Start of Provided information
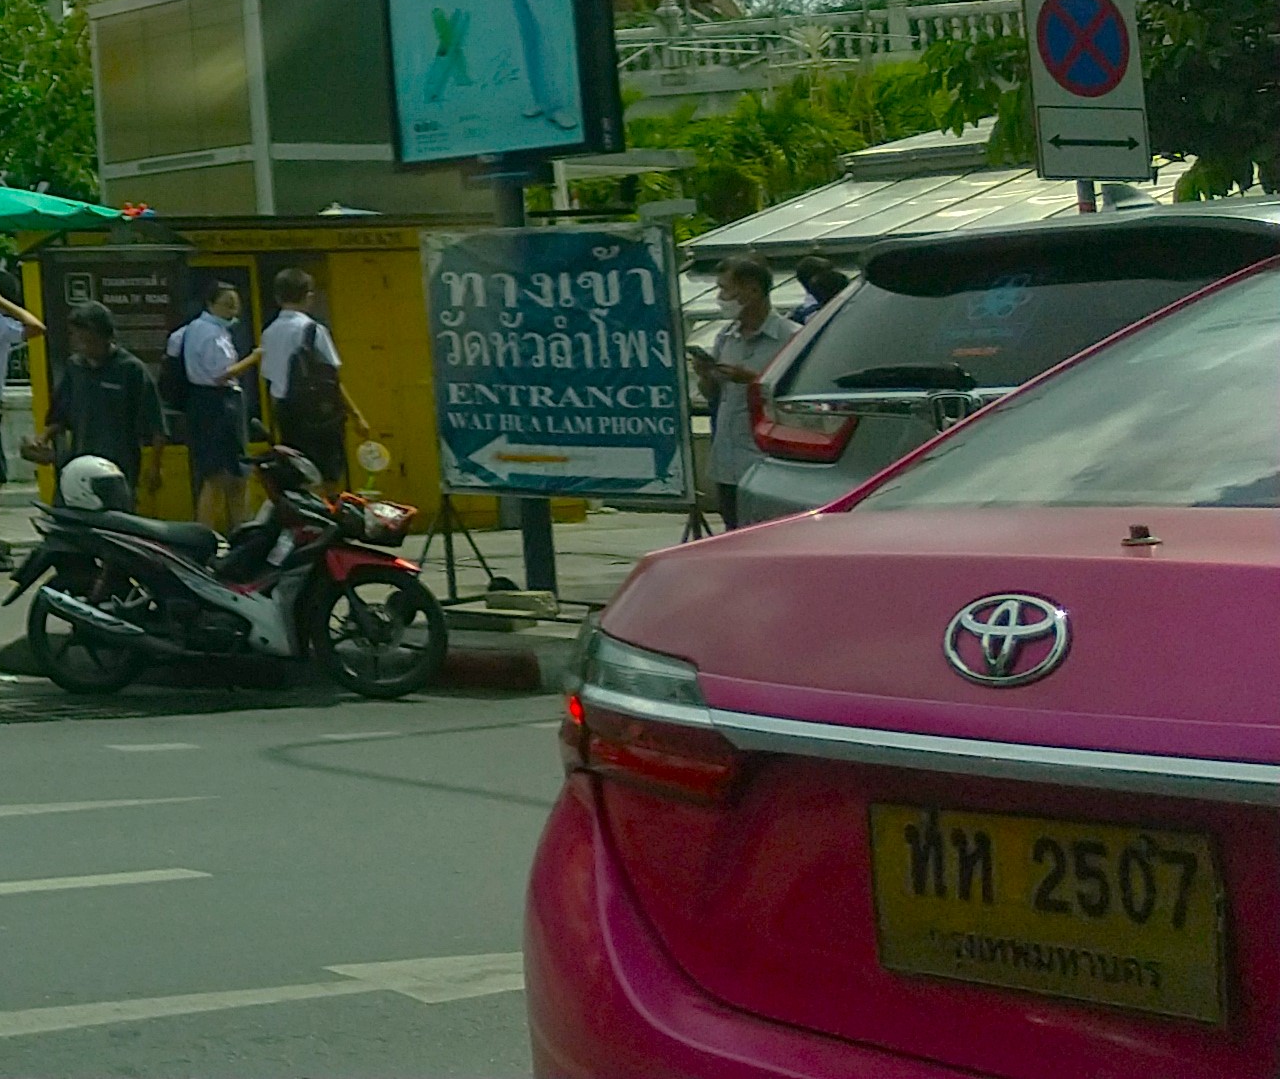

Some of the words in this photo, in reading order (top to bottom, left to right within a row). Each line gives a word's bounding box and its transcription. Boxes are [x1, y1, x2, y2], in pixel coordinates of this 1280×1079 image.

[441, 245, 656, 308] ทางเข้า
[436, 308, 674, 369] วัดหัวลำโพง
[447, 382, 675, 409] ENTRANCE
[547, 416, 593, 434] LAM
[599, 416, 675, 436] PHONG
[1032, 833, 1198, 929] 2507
End of Provided information
What the task asks ->
What you give back must be the data above, reproduced exactly and free of pictures.

Solution to this problem ->
Some of the words in this photo, in reading order (top to bottom, left to right within a row). Each line gives a word's bounding box and its transcription. Boxes are [x1, y1, x2, y2], in pixel coordinates of this 1280×1079 image.

[441, 245, 656, 308] ทางเข้า
[436, 308, 674, 369] วัดหัวลำโพง
[447, 382, 675, 409] ENTRANCE
[547, 416, 593, 434] LAM
[599, 416, 675, 436] PHONG
[1032, 833, 1198, 929] 2507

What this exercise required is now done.